Where and How to See Them

From beginning to end, a solar eclipse lasts up to about 3 hours. For most of that time, the Moon slowly covers the Sun, then uncovers it; these are the eclipse’s beginning and ending partial phases. The real excitement comes in the middle, but only for those within the narrow path of the Moon’s dark shadow, and only for a few fleeting minutes.

8 April 2024: The Moon’s shadow will pass over more big cities than in 2017 and give at least 30 million Americans a shot at seeing the solar corona without having to travel. But there’s a catch: In early April much of the country is still in winter’s grip. Clear skies are most likely across Mexico and Texas Hill Country, and these places also happen to be where totality — the brief total phase of the eclipse — lasts longest, nearly 4½ minutes.

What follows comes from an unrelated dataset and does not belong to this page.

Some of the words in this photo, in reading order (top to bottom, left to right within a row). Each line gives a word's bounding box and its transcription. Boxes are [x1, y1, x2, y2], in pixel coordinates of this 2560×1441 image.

Many diehard eclipse enthusiasts have already made plans to visit Mexico or Texas next April.

14 October 2023: Weather prospects for the annular eclipse look most promising in parts of Utah, New Mexico, and Texas, where the “ring of fire” lasts about 5 minutes. Sky & Telescope offers package tours to the best places to see both eclipses (skyandtelescope.org/tours).

October 2023 and April 2024 Solar Eclipse Globes
Maps showing the paths of the October 2023 annular (left) and April 2024 total solar eclipses. Captions and credits appear further down the page.

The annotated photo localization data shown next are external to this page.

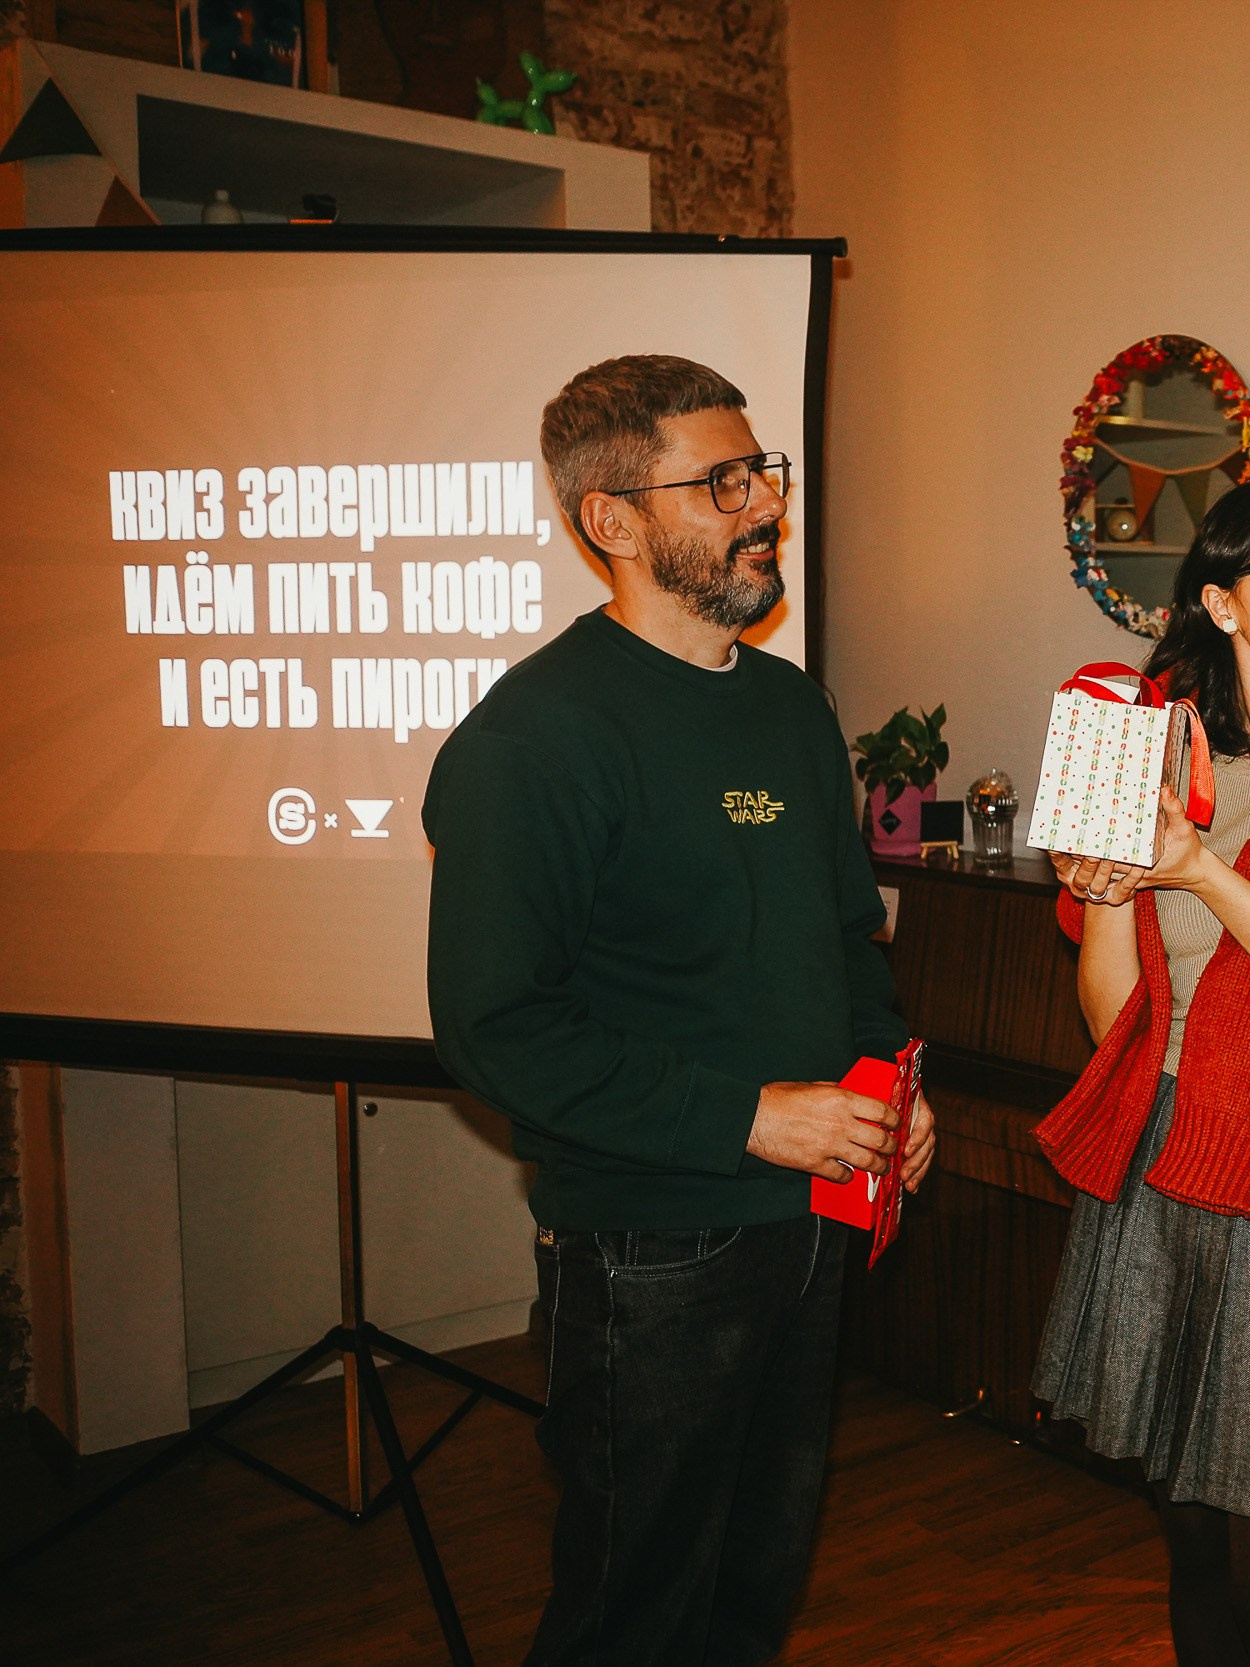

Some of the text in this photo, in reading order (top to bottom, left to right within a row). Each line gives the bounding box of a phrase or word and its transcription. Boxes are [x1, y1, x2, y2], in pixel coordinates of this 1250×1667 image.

[109, 461, 551, 552] квиз завершили,
[123, 551, 543, 640] идём пить кофе
[159, 658, 189, 728] и
[200, 658, 318, 728] есть
[721, 790, 784, 809] STAR
[726, 806, 785, 825] WARS

During partial and annular solar eclipses, the Sun remains dangerously bright at all times and must never be looked at directly except through special-purpose “eclipse glasses” or handheld viewers that meet the requirements of the ISO 12312-2 international standard. See eclipse.aas.org/safety for advice on where to get safe solar filters and on indirect viewing methods. During totality you can safely view the eclipsed Sun without eye protection.

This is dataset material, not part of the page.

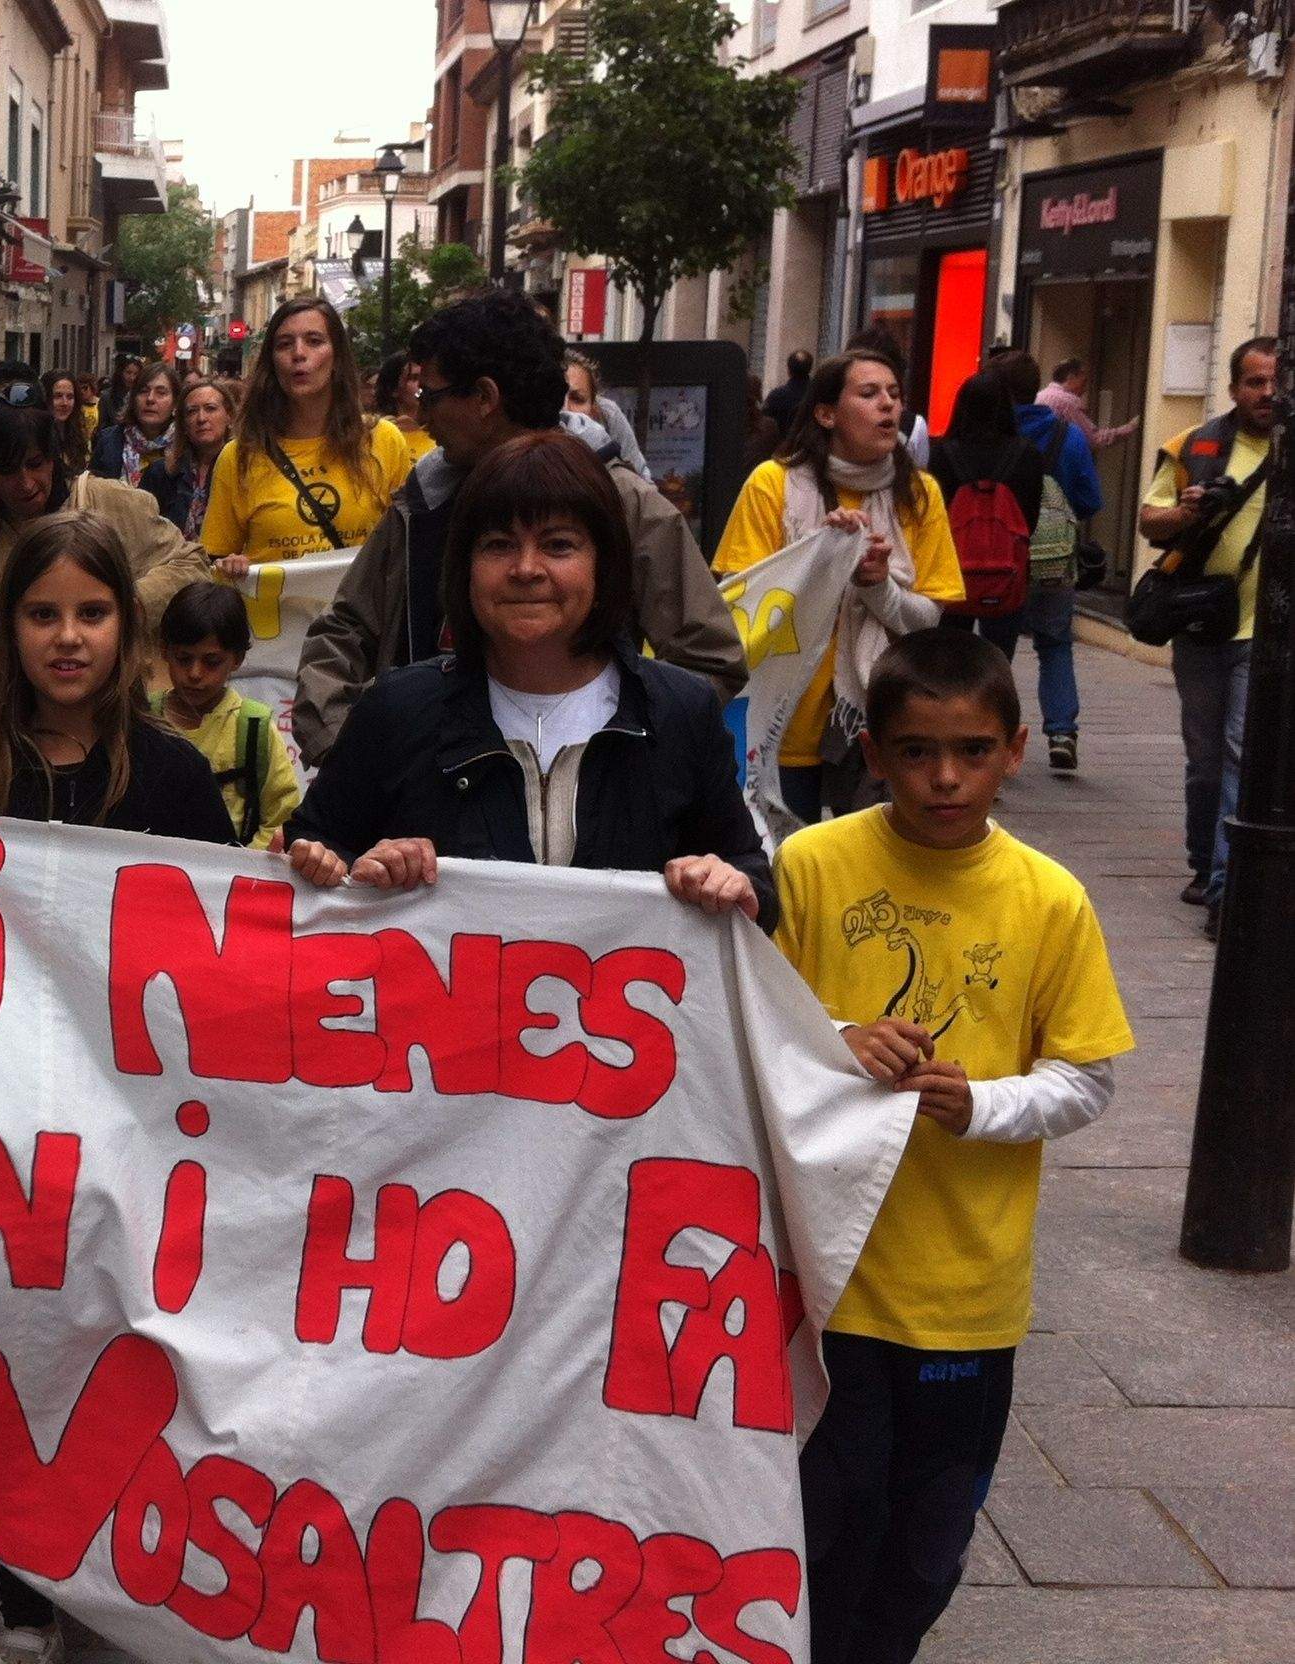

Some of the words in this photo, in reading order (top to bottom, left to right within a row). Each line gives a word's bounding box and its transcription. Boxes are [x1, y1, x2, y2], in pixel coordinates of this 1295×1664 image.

[895, 148, 968, 208] Orange
[841, 888, 900, 950] 25
[108, 863, 685, 1120] NENES
[294, 1173, 517, 1360] HO

“If you can get yourself into the path of the Moon’s shadow for a total solar eclipse, it’s definitely worth the effort,” says Rick Fienberg, Project Manager of the American Astronomical Society (AAS) Solar Eclipse Task Force and Senior Contributing Editor of Sky & Telescope. “A 99% partial solar eclipse doesn’t get you 99% of the experience of a total solar eclipse — the last 1% is literally the difference between night and day. As the Moon blots out the thinning arc of the bright Sun in the final minute before totality, daylight fades by up to 1,000 times. And the solar corona surrounding the Moon’s velvety black silhouette is one of the most glorious sights in all of nature!”

During a total solar eclipse you’ll experience many other noteworthy phenomena, including a drop in air temperature, changes in wind speed and direction, bright planets and stars shining in deep twilight, ruby-red solar prominences (eruptions of hot gas protruding beyond the limb, or edge, of the Sun’s hidden disk), pastel sunrise/sunset colors around the horizon, and plants and animals behaving as if the Sun has set. Another total solar eclipse won’t cross the U.S. until 12 August 2045, so the April 2024 event is your best chance to catch totality for a generation.

Getting Organized

The AAS Solar Eclipse Task Force, partnering with the outreach team for NASA’s PUNCH (Polarimeter to UNify the Corona and Heliosphere) mission, is holding a hybrid (in-person + virtual) planning workshop Friday–Saturday, 9–10 June 2023, at the New Mexico Museum of Natural History & Science, 1801 Mountain Rd. NW, Albuquerque, NM 87104 (https://eclipse.aas.org/workshops/jun2023), on the heels of the AAS summer meeting (aas.org/meetings/aas242) in the same city.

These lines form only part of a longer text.